La metáfora organicista de Spencer sirve al sociólogo del presente para estudiar los síntomas de debilidad patentes en las democracias occidentales
Abel Ros
miércoles, 24 de julio de 2013, 07:15 h (CET)
En días como hoy, la corrupción y la prostitución de las teorías ilustradas, invitan al doctor de lo social a reflexionar sobre el devenir del cáncer que padece el paciente institucional. La militancia de Pérez de los Cobos – presidente del Tribunal Constitucional - en el Partido Popular rompe los cartílagos que separan la cocina legal de la sala comensal. La ideología manifiesta por el portador de la toga sitúa al Estado de Derecho en las orillas de la subjetividad. Orillas surcadas por los mismos ríos neoliberales que desembocan, día tras día, en los mares de la Moncloa. 

Si Montesquieu levantara la cabeza – decía esta mañana el gato de la almohada – y viese el cómo ha quedado en la praxis los mimbres de su pensamiento, pondría - sin lugar a dudas - el grito en el cielo por esta mentira, a la que unos llaman democracia y otros dictadura. Es aberrante, por no poner un calificativo más dañino, que el guardián de nuestra Carta Magna vele por la constitucionalidad del ordenamiento jurídico desde una posición manifiesta de parcialidad ideológica. Es aberrante, decía, porque el Alto Tribunal – paralelo a la pirámide judicial – no debería, por cuestiones éticas, controlar la savia del árbol legal sin los guantes de podar.

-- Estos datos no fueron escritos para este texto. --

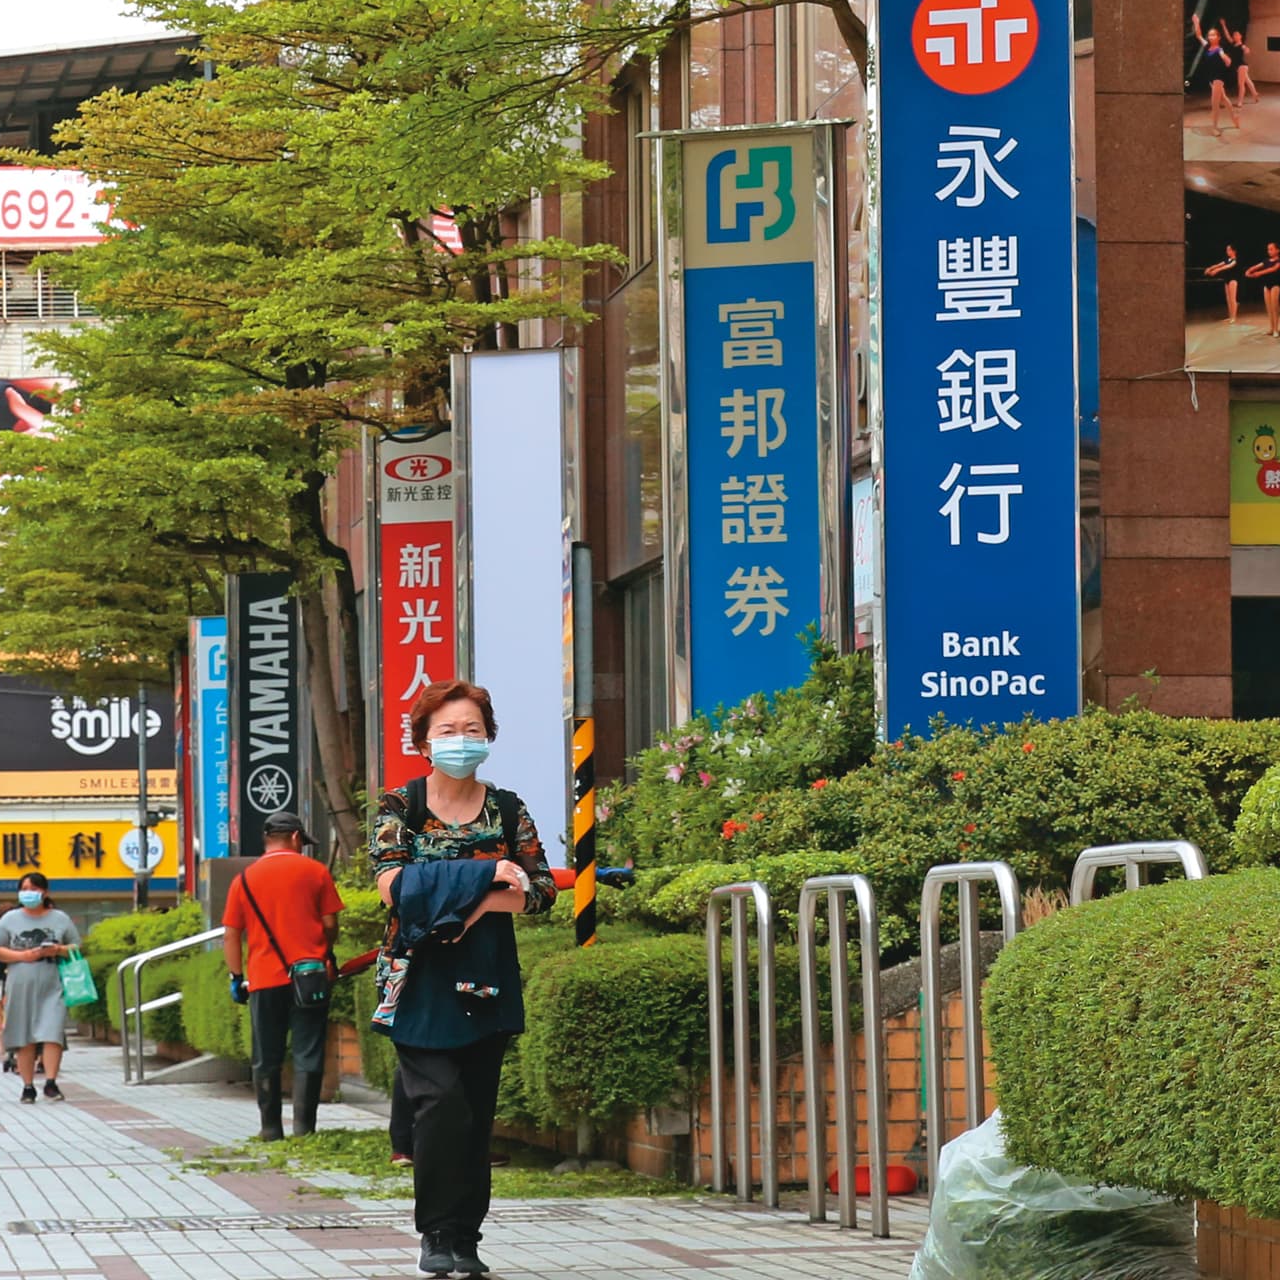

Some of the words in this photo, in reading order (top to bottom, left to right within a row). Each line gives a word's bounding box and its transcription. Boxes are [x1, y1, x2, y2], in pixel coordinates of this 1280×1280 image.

[934, 126, 1023, 546] 永豐銀行
[718, 298, 790, 637] 富邦證券
[387, 485, 452, 502] 新光金控
[942, 630, 1021, 659] Bank
[249, 596, 290, 761] YAMAHA
[920, 669, 1046, 698] SinoPac
[50, 696, 162, 740] smile
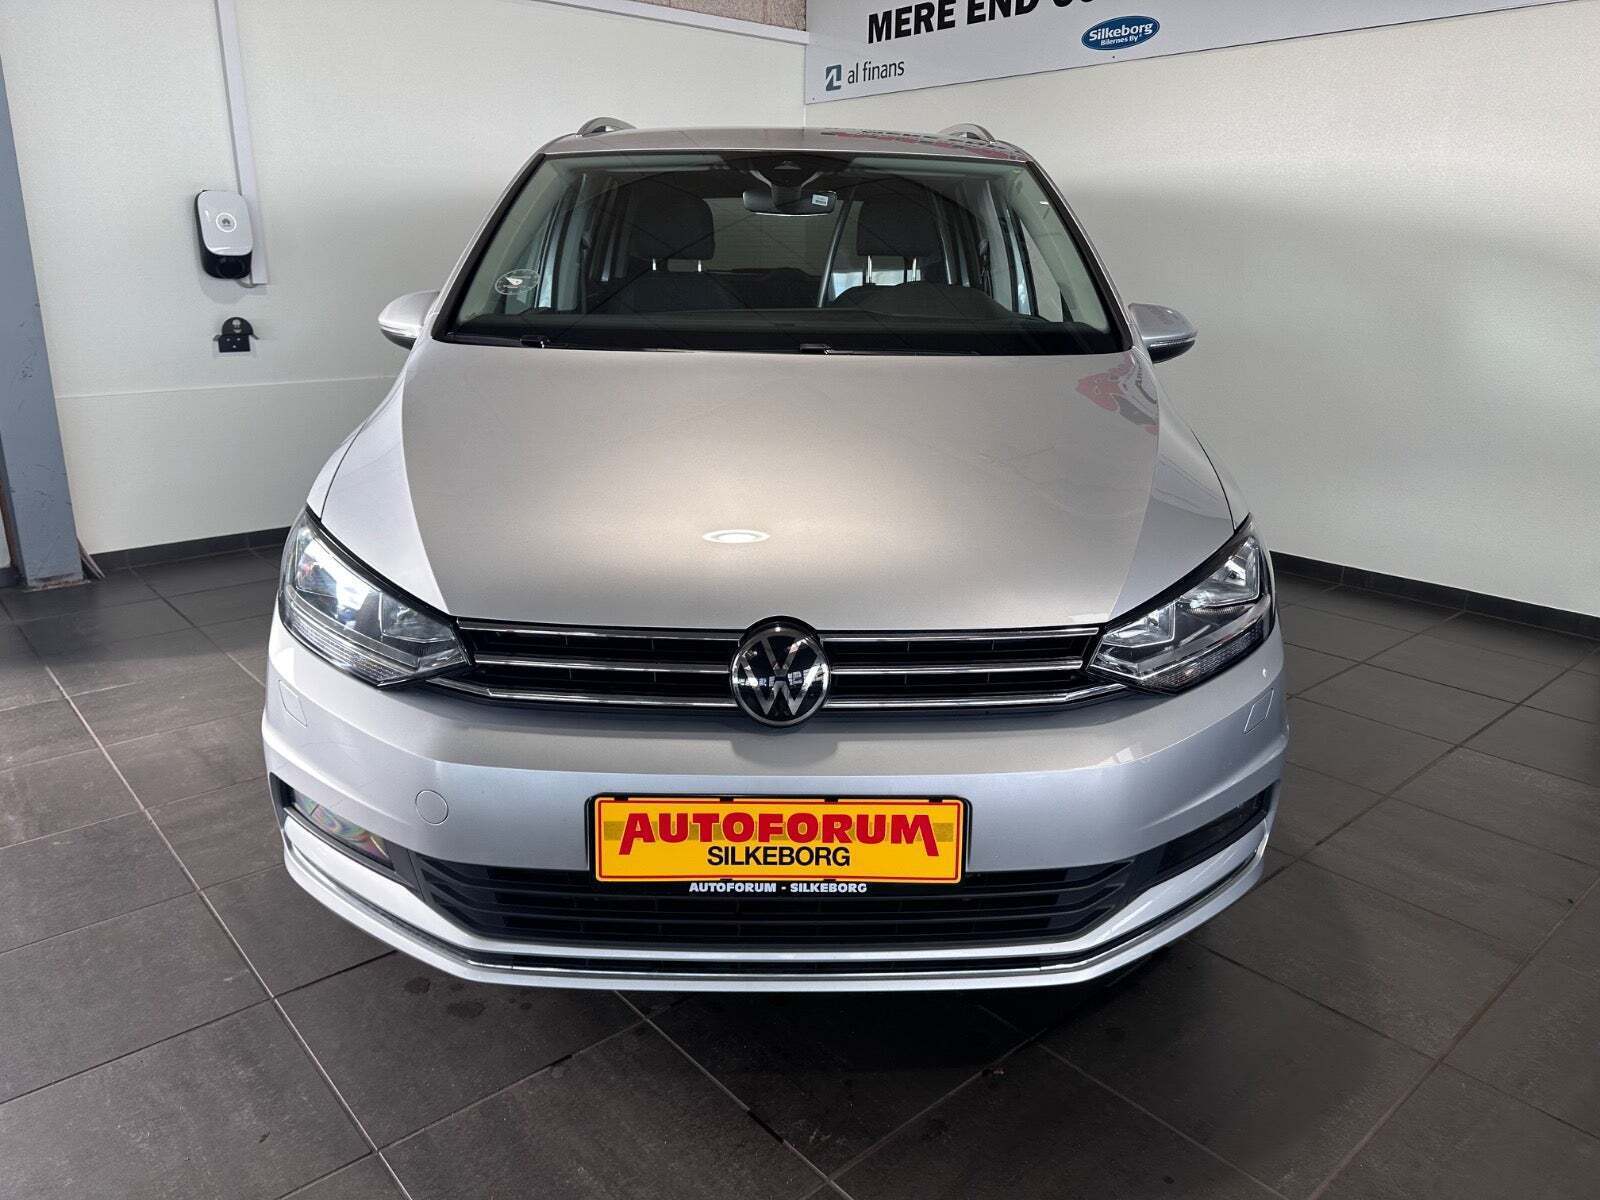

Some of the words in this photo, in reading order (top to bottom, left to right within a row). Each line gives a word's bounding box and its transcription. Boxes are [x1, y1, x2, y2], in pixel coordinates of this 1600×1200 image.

[868, 0, 956, 44] MERE
[1089, 22, 1154, 41] Silkeborg
[847, 62, 859, 84] al
[862, 61, 905, 82] finans
[618, 812, 939, 857] AUTOFORUM
[707, 846, 850, 866] SILKEBORG
[689, 882, 777, 893] AUTOFORUM
[790, 882, 868, 893] SILKEBORG
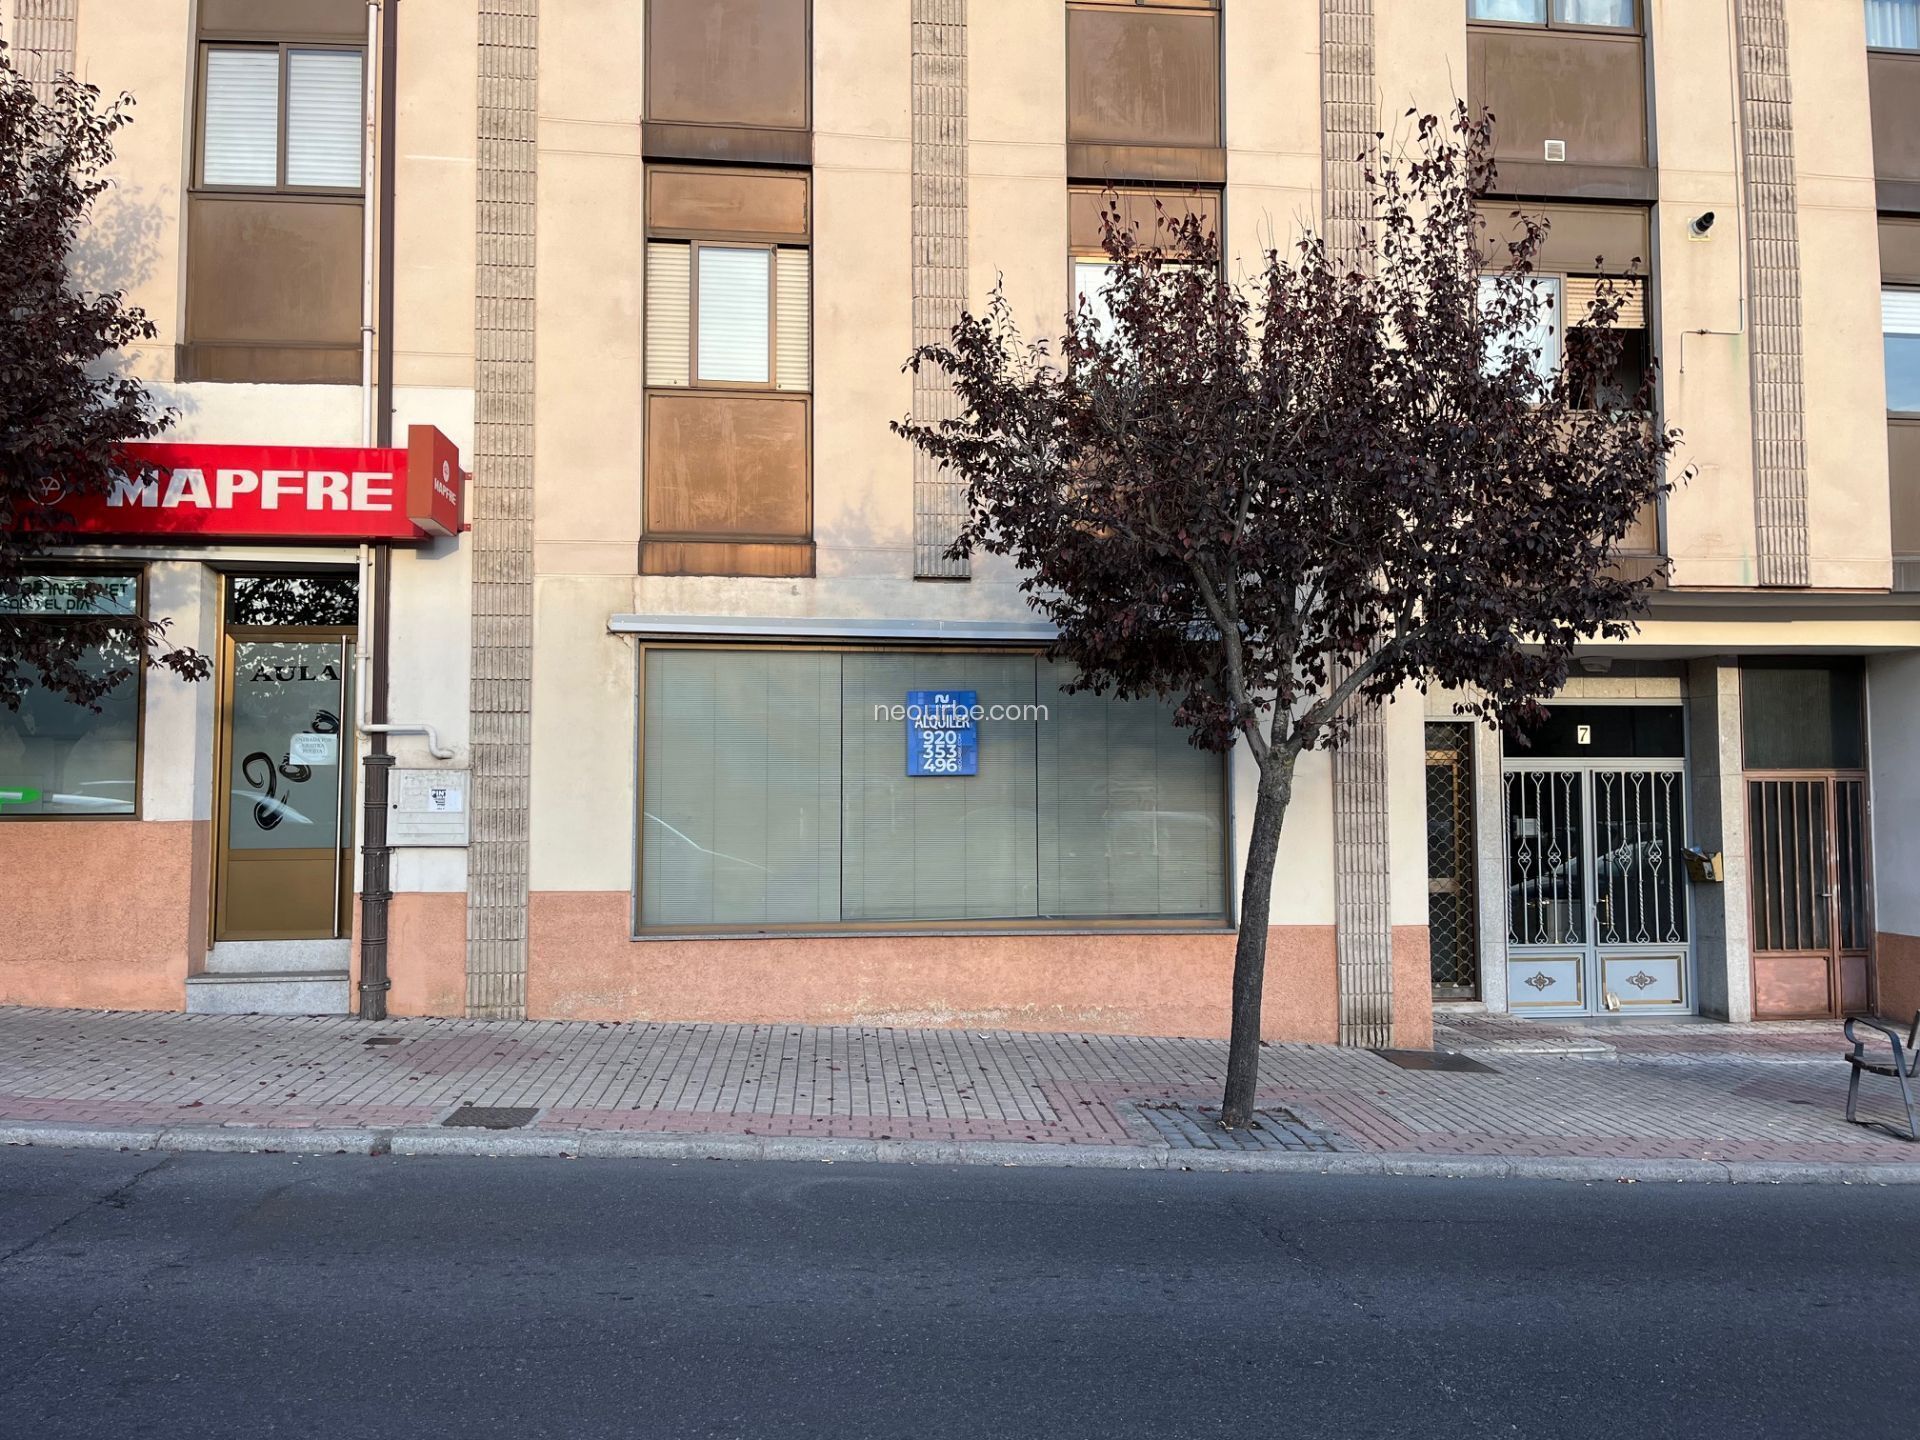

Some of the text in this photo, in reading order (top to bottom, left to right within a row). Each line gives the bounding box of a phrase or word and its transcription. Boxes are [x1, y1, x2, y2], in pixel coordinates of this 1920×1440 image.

[106, 467, 393, 511] MAPFRE
[433, 477, 457, 506] MAPFRE
[250, 665, 341, 682] AULA
[914, 714, 970, 729] ALQUILER
[923, 730, 957, 745] 920
[1579, 727, 1589, 742] 7
[923, 744, 957, 759] 353
[923, 758, 958, 772] 496
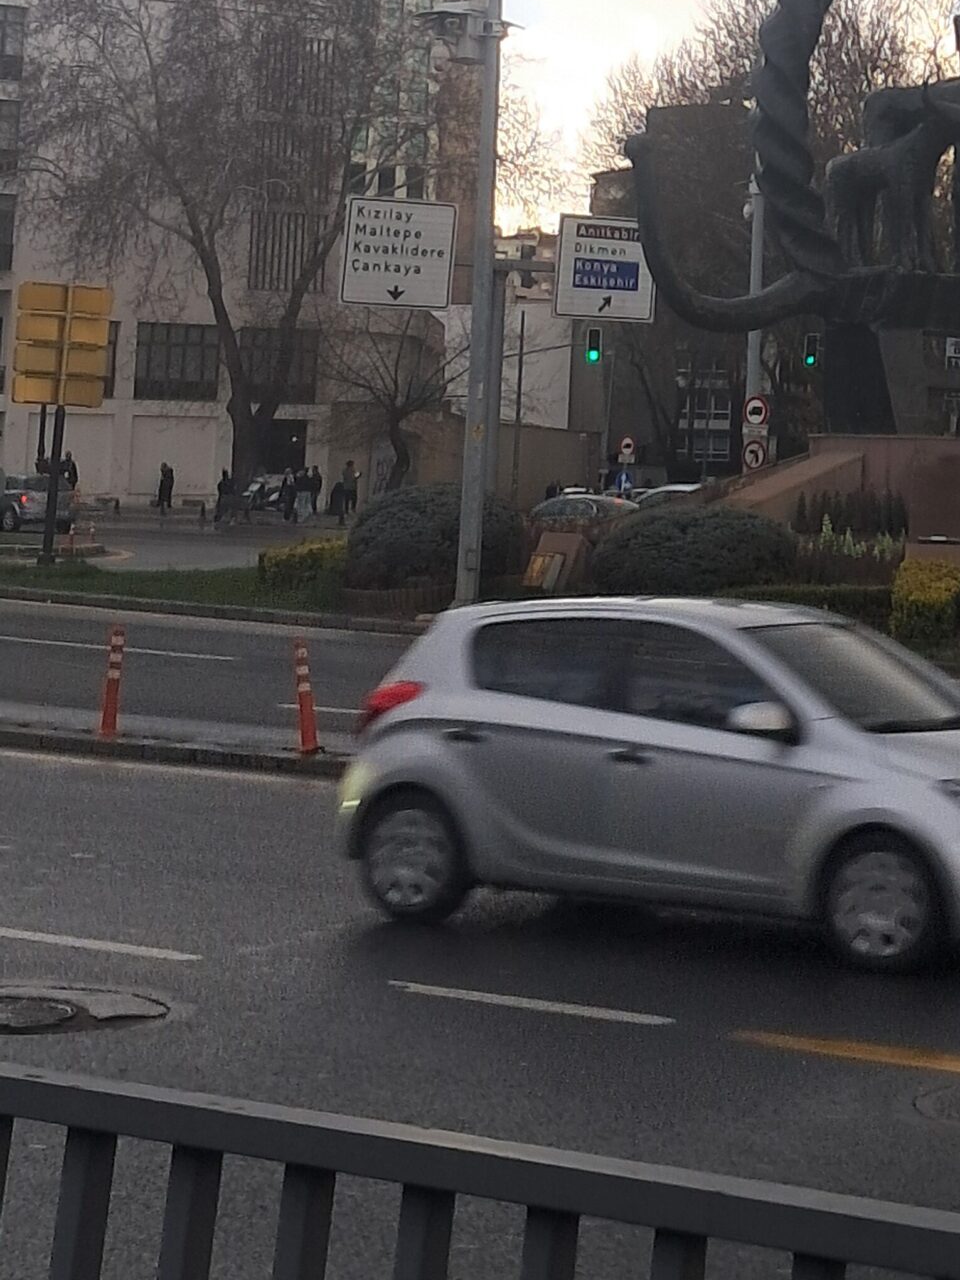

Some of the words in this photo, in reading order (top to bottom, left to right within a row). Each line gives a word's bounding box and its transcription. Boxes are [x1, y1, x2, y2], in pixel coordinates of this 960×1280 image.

[356, 205, 414, 223] Kızılay
[354, 223, 422, 240] Maltepe
[353, 241, 445, 258] Kavaklıdere
[574, 242, 626, 256] Dikmen
[351, 258, 422, 277] Çankaya
[576, 260, 618, 275] Konya
[574, 273, 636, 289] Eskişehir

Así las cosas, el control constitucional ha quedado demostrado que pasa por el filtro sesgado del ojo ideológico de algunos. La justicia sin valores o, mejor dicho, desprovista de subjetividades no está garantizada con estas prácticas judiciales. No lo está, decía, mientras existan, en el Estado de Derecho, togas manchadas con ácidos políticos y cuotas de partido. A día de hoy, la inhabilitación de Garzón, la sentencia de Otegi y 40 sentencias más, dictadas por este señor, carecen de las garantías éticas suficientes de un fallo imparcial en un ordenamiento democrático. Las líneas ideológicas del Partido Popular en cuanto a materia antiterrorista y la aversión manifiesta contra Baltasar por parte de la derecha, ponen en evidencia el olor a malas hierbas que subyace en los veredictos de Cobos. 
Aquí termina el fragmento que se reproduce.